What you should do: Images are to be dropped, and the rest of the data reproduced exactly.
——————
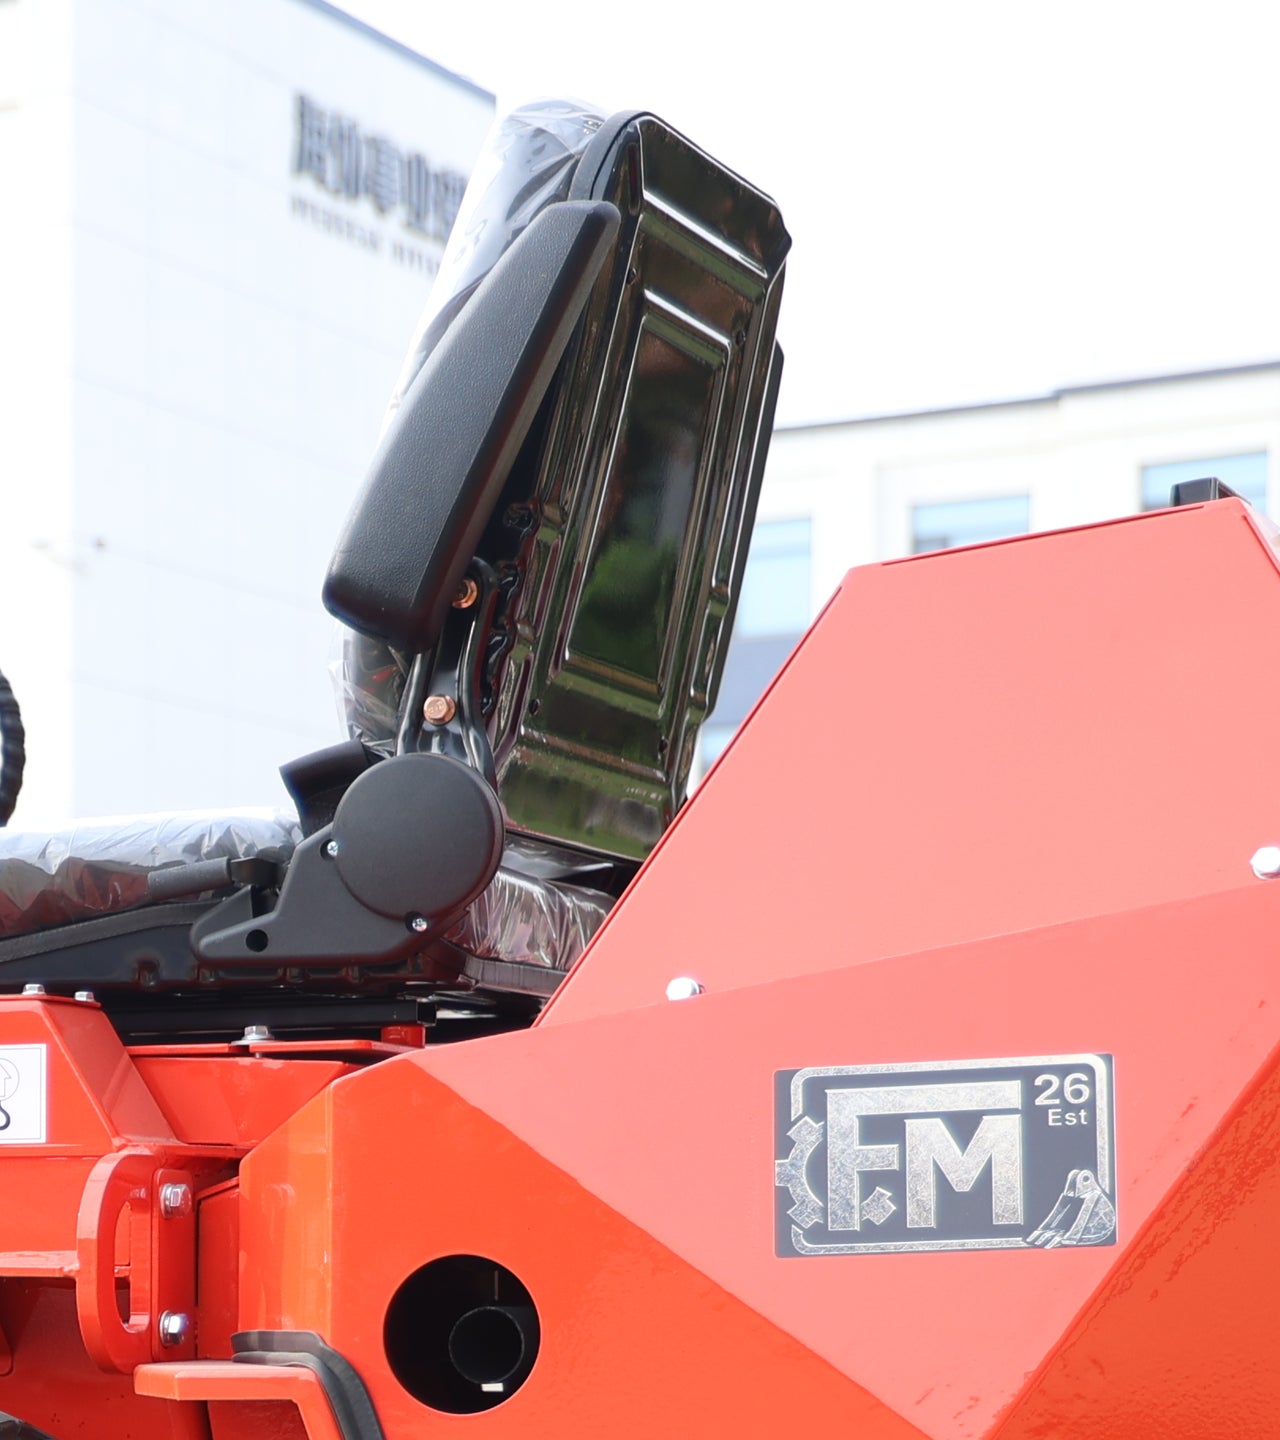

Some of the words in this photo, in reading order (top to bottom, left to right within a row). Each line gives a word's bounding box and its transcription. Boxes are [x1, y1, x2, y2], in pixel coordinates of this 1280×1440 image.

[1033, 1073, 1090, 1107] 26
[1047, 1108, 1088, 1127] Est
[824, 1080, 1023, 1231] FM
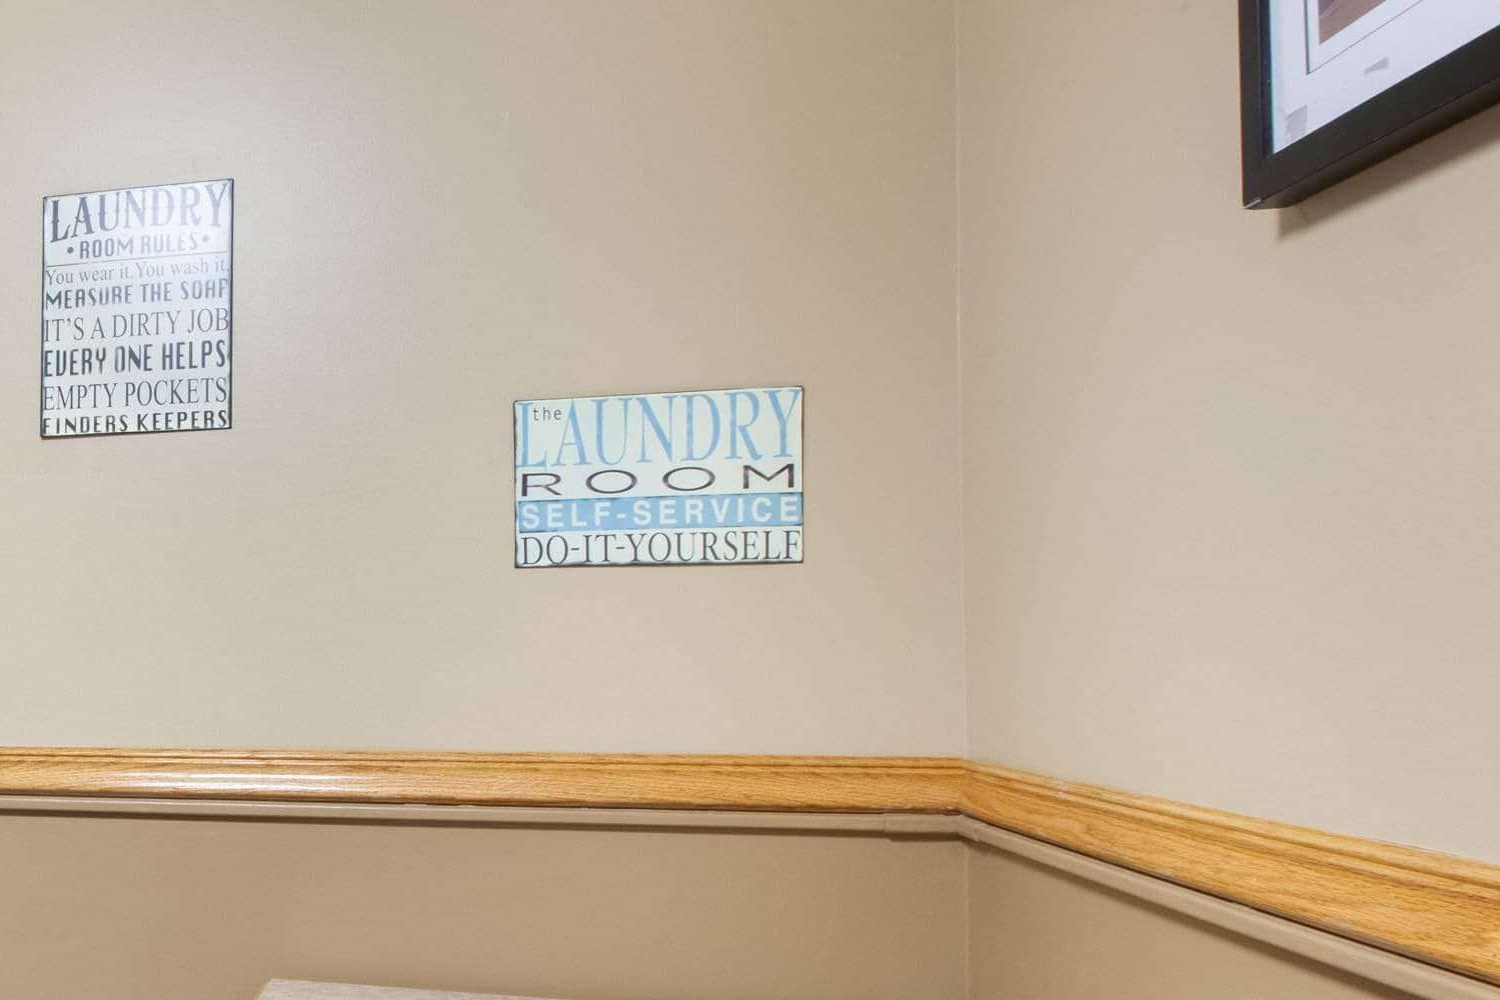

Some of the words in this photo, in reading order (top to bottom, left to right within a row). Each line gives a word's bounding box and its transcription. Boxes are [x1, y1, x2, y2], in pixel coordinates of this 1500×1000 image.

[50, 182, 229, 243] LAUNDRY
[79, 235, 134, 260] ROOM
[140, 232, 198, 255] RULES
[45, 269, 75, 286] You
[79, 269, 115, 281] wear
[134, 262, 165, 279] You
[170, 258, 209, 275] wash
[45, 284, 132, 310] MEASURE
[142, 282, 173, 303] THE
[181, 278, 228, 300] SOAP
[44, 317, 85, 342] IT'S
[90, 317, 105, 340] A
[112, 310, 181, 338] DIRTY
[188, 307, 228, 333] JOB
[44, 347, 107, 377] EVERY
[114, 344, 152, 373] ONE
[162, 339, 226, 370] HELPS
[44, 382, 119, 411] EMPTY
[124, 377, 227, 407] POCKETS
[43, 414, 129, 434] FINDERS
[136, 410, 228, 431] KEEPERS
[516, 389, 800, 469] LAUNDRY
[533, 406, 562, 421] the
[521, 463, 794, 496] ROOM
[522, 496, 801, 529] SELF-SERVICE
[520, 530, 800, 565] DO-IT-YOURSELF
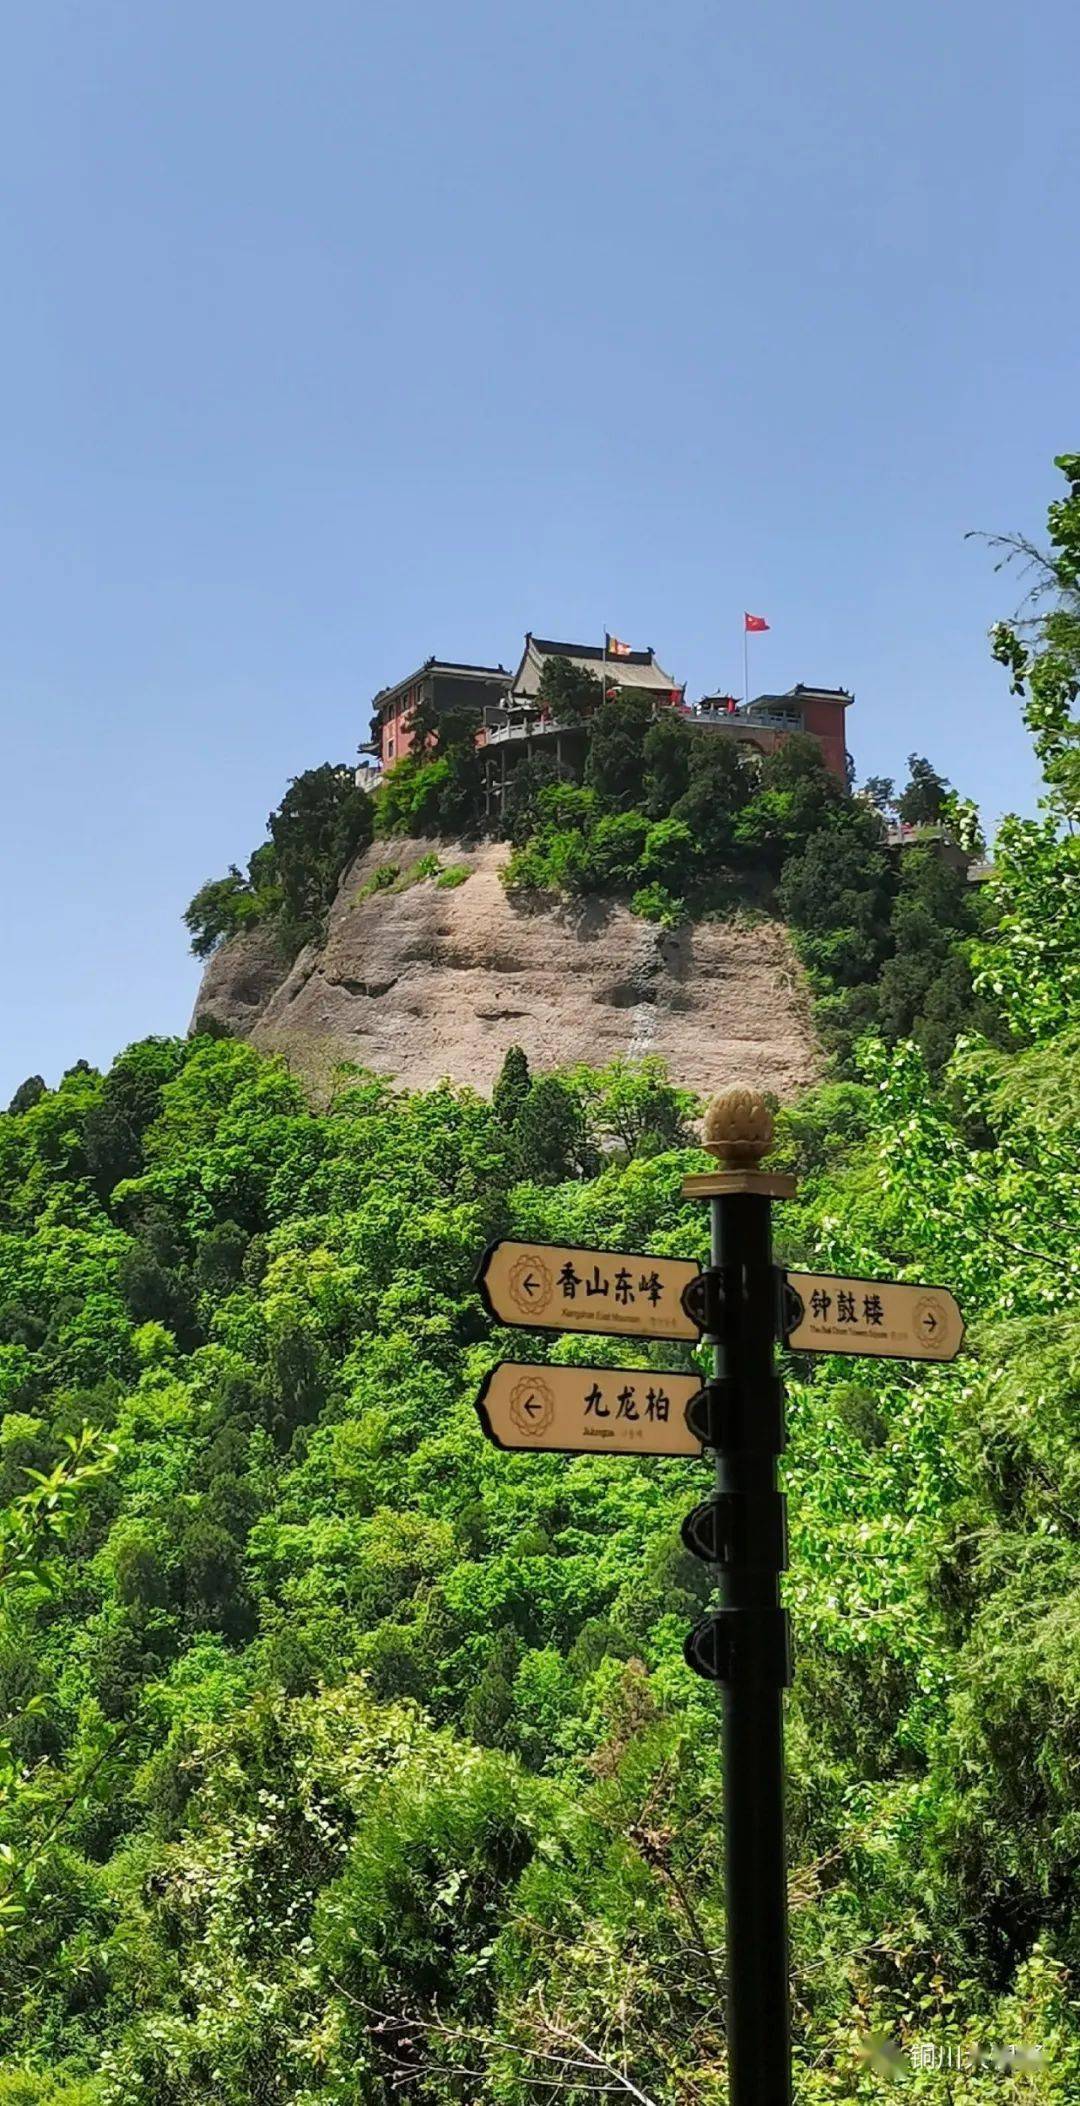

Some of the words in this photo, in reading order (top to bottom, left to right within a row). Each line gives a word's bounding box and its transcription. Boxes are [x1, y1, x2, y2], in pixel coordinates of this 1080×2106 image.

[556, 1261, 665, 1308] 香山东峰
[808, 1288, 884, 1326] 钟鼓楼
[583, 1382, 670, 1423] 九龙柏
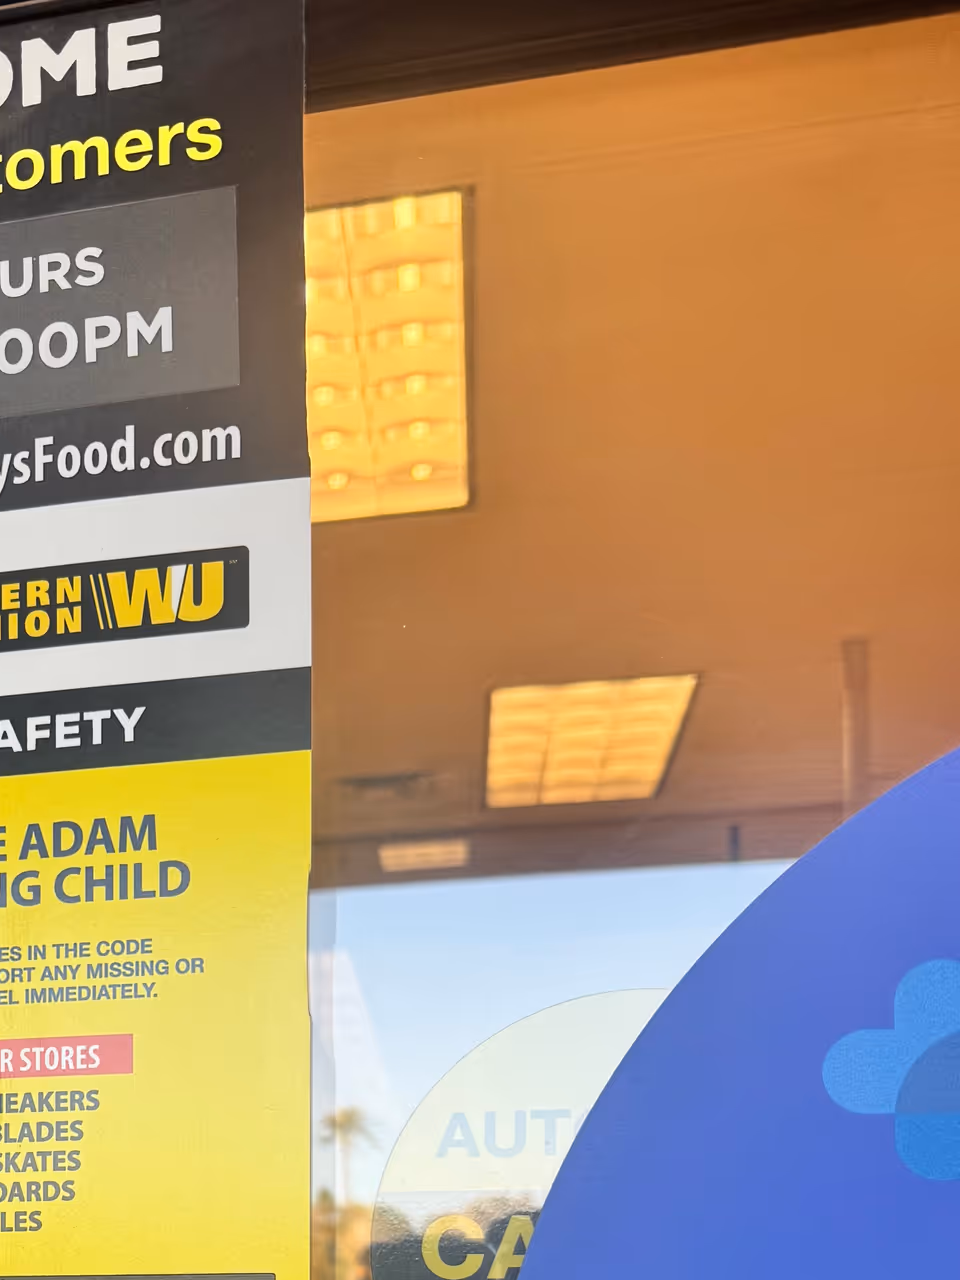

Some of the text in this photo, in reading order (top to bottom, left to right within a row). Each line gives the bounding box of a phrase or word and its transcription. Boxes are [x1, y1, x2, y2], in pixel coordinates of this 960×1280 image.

[19, 815, 156, 860] ADAM
[54, 861, 190, 904] CHILD
[27, 945, 46, 961] IN
[52, 943, 90, 959] THE
[96, 939, 152, 957] CODE
[20, 1045, 100, 1071] STORES
——————
Answer for this exercise:
Some of the words in this photo, in reading order (top to bottom, left to right within a row). Each line gives a word's bounding box and its transcription. Boxes are [x1, y1, x2, y2], in pixel coordinates of this 1280×1440 image.

[1033, 1073, 1090, 1107] 26
[1047, 1108, 1088, 1127] Est
[824, 1080, 1023, 1231] FM

Some of the words in this photo, in reading order (top to bottom, left to right within a row). Each line gives a word's bounding box and its transcription. Boxes are [x1, y1, x2, y2], in pixel coordinates of this 1500×1000 image.

[50, 182, 229, 243] LAUNDRY
[79, 235, 134, 260] ROOM
[140, 232, 198, 255] RULES
[45, 269, 75, 286] You
[79, 269, 115, 281] wear
[134, 262, 165, 279] You
[170, 258, 209, 275] wash
[45, 284, 132, 310] MEASURE
[142, 282, 173, 303] THE
[181, 278, 228, 300] SOAP
[44, 317, 85, 342] IT'S
[90, 317, 105, 340] A
[112, 310, 181, 338] DIRTY
[188, 307, 228, 333] JOB
[44, 347, 107, 377] EVERY
[114, 344, 152, 373] ONE
[162, 339, 226, 370] HELPS
[44, 382, 119, 411] EMPTY
[124, 377, 227, 407] POCKETS
[43, 414, 129, 434] FINDERS
[136, 410, 228, 431] KEEPERS
[516, 389, 800, 469] LAUNDRY
[533, 406, 562, 421] the
[521, 463, 794, 496] ROOM
[522, 496, 801, 529] SELF-SERVICE
[520, 530, 800, 565] DO-IT-YOURSELF

Some of the words in this photo, in reading order (top to bottom, left to right within a row). Each line gives a word's bounding box and its transcription. Boxes are [x1, y1, x2, y2], in pixel coordinates of this 1080×2106 image.

[556, 1261, 665, 1308] 香山东峰
[808, 1288, 884, 1326] 钟鼓楼
[583, 1382, 670, 1423] 九龙柏

Some of the text in this photo, in reading order (top to bottom, left to right within a row). Each line gives the bounding box of a phrase or word and its transcription. Boxes are [x1, y1, x2, y2], in pixel coordinates of this 960×1280 image.

[19, 815, 156, 860] ADAM
[54, 861, 190, 904] CHILD
[27, 945, 46, 961] IN
[52, 943, 90, 959] THE
[96, 939, 152, 957] CODE
[20, 1045, 100, 1071] STORES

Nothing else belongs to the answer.